Initially, analyzing another (someone else's) project, you get only a discrete record for each function available in the game. Imagine that when making a farm, you took the balance of a popular game in this genre as a basis, began to gain one level after another and write out how much experience it would take to get the next level. After completing one hundred levels, you will receive a discrete record of the function E(x) — a table with one hundred lines, one for each integer value of x starting from 1.

You will have a lot of questions about this entry. For example: what will be the value of E for x = 150? by what principle are these numbers chosen? how fast do they increase with increasing x? is the growth rate of these numbers increasing or decreasing?

This is how we approach the main tasks of reverse engineering. Reverse engineering of the mathematics of the project is designed primarily to identify dependencies in the game, and secondly to obtain a continuous record of these dependencies. Identifying dependencies will allow us to understand which of the game variables are related to each other. Obtaining a continuous record (i.e. an equation) will give us the opportunity to use these dependencies at our discretion, as well as modify them to suit our needs.

2. Discretization, approximation and other staff

The process of transition from continuous recording to discrete recording, it must be understood, is quite simple. Having an equation in your hands, you can consistently substitute various argument values into it and get the corresponding function values. In our example, substituting x = 1, 2, 3, 4, 5 and so on. in the equation E(x) = x2, we get the values for E = 1, 4, 9, 16, 25 etc . This process is called function discretization.

The reverse process (obtaining an equation from a table of values), called approximation, is usually much more complicated. It is he who is of particular interest to us. Before discussing how we will approximate, let's understand exactly why this is necessary.
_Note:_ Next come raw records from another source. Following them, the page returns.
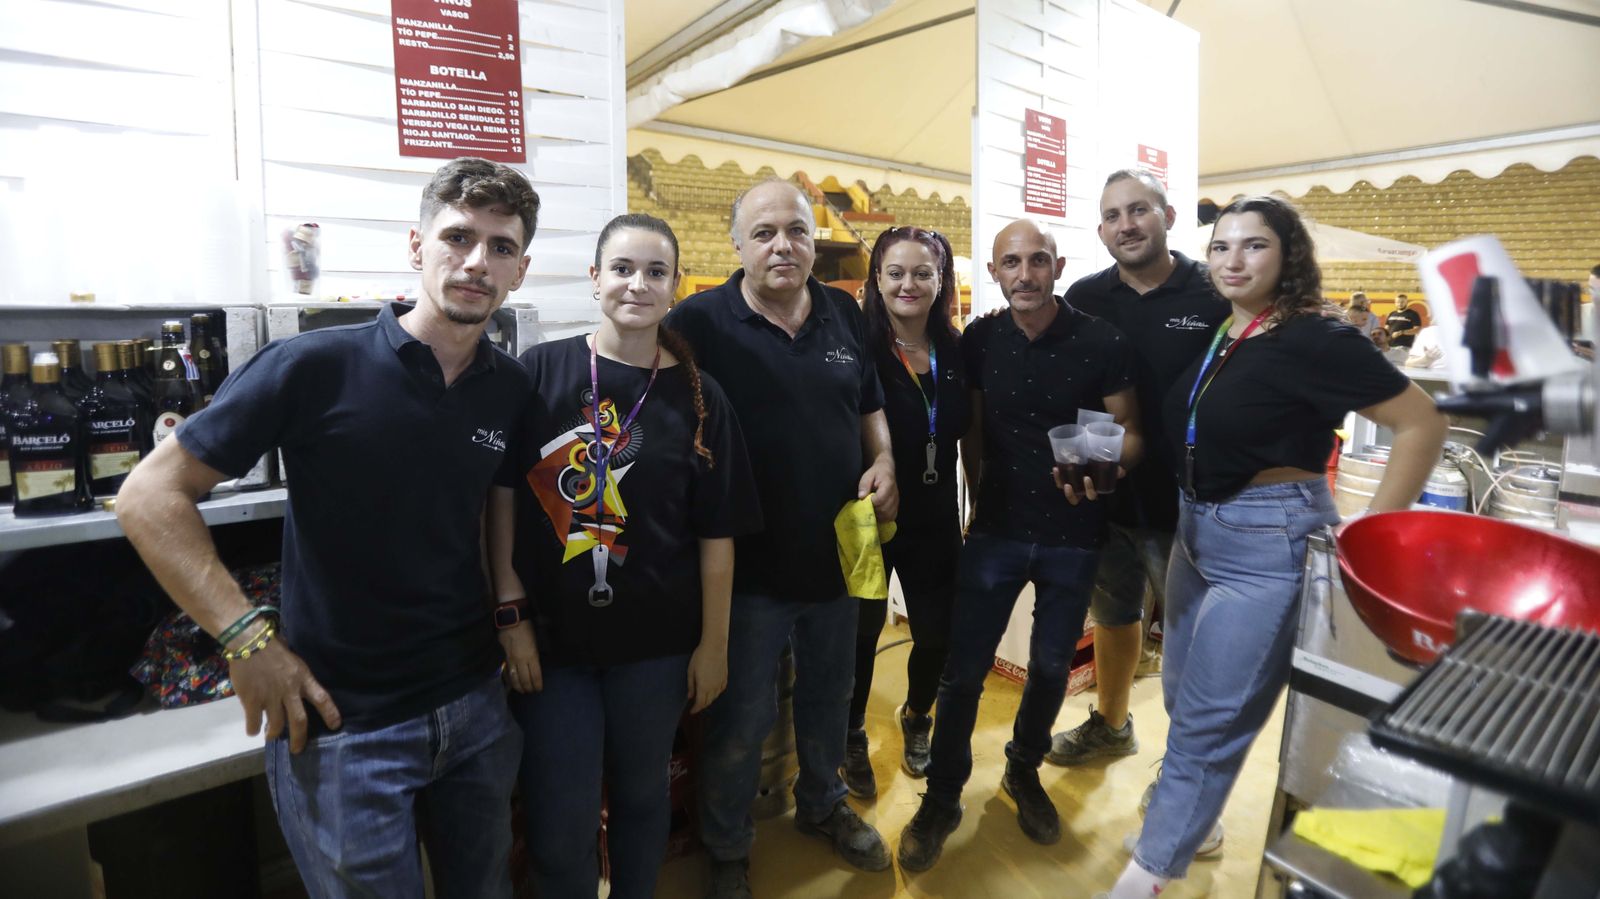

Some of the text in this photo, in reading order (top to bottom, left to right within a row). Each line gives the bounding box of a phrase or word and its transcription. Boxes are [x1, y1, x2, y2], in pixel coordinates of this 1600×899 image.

[440, 9, 469, 19] VASOS
[396, 27, 413, 37] TÍO
[415, 29, 438, 40] PEPE
[399, 38, 515, 61] RESTO 2,50
[430, 65, 487, 81] BOTELLA
[400, 87, 416, 97] TÍO
[418, 90, 441, 99] PEPE
[508, 90, 519, 98] 10
[401, 98, 457, 110] BARBADILLO
[458, 104, 475, 112] SAN
[509, 109, 520, 117] 12
[401, 108, 520, 126] BARBADILLO SEMIDULCE 12
[402, 118, 444, 129] VERDEJO
[445, 122, 468, 130] VEGA
[470, 124, 481, 132] LA
[483, 126, 508, 134] REINA
[403, 128, 430, 138] RIOJA
[431, 131, 476, 141] SANTIAGO
[91, 417, 136, 430] ARCELÓ
[13, 433, 70, 446] BARCELÓ
Using the correct terminology, we can identify the following tasks that approximation allows us to perform:

Interpolation, i.e. getting intermediate values of a function (remember the example about finding E for x = 2.5, which doesn't make much sense in the case of levels, but when calculating other functions it can become a headache if we only have a tabular record of the function);
Extrapolation, i.e. getting values outside the initially described area (this task needs to be solved if the table ended at x = 100, and you need to find E for x = 150).
Analysis, i.e. obtaining information about the behavior of the function (in other words, getting a picture of what is happening). For example, what can we say about the growth of experience "to the next level", having the formula E(x) = x2 in hand? The obvious conclusion is that E increases with the growth of x, i.e. for a higher level it takes more experience to move to the next one. A less obvious conclusion is that the growth rate of E is not only positive, but also increasing. This means that the further the player progresses, the greater the percentage of experience needed for the next level increases. After receiving the function, as part of its analysis, it will also be possible to compare it with other functions in order to understand which of them grow faster and which are slower, and thus see how the game balance changes for the player over time.

3. Identifying dependencies

Our first task, even before the approximation makes sense, is to identify those dependencies that we would like to obtain a continuous record of. As a rule, game cycles are based on a variety of different dependencies, simple and not so much.

In our example, the dependence of E on x is revealed "by eye". For a farm game, the amount of experience needed to move to the next level is unlikely to depend on the character's current equipment or the number of his friends.

Basically, when analyzing a project, you will encounter more complex dependencies. The approach to their identification can be represented by the following set of steps:

Create a primary list of game variables that may depend on others (for our example, the purchase price of an item in a store may depend on its level or characteristics; or it's more complicated — the characteristics may depend on its level, and the price on the characteristics);
Create a primary list of game variables that most likely do not depend on anything, or the law of their formation is extremely clear (for example, the number of the next level is always + 1 from the previous one, and the reward for a new level is always +1 coin);
Make a list of all dependencies that are potentially possible (for example, the price of an item from its level, the price of an item from its parameters, its level from its parameters, etc.);
Conduct an initial investigation of these potential dependencies to see if they look like dependencies or look like random sets of numbers.

When making a list of potential dependencies for research, it is important not to be afraid to start. The key to fearlessness is simple: you need to remember that if the selected addiction does not turn out to be an addiction at all, its analysis will show you to understand this, and you can safely exclude this addiction from your list.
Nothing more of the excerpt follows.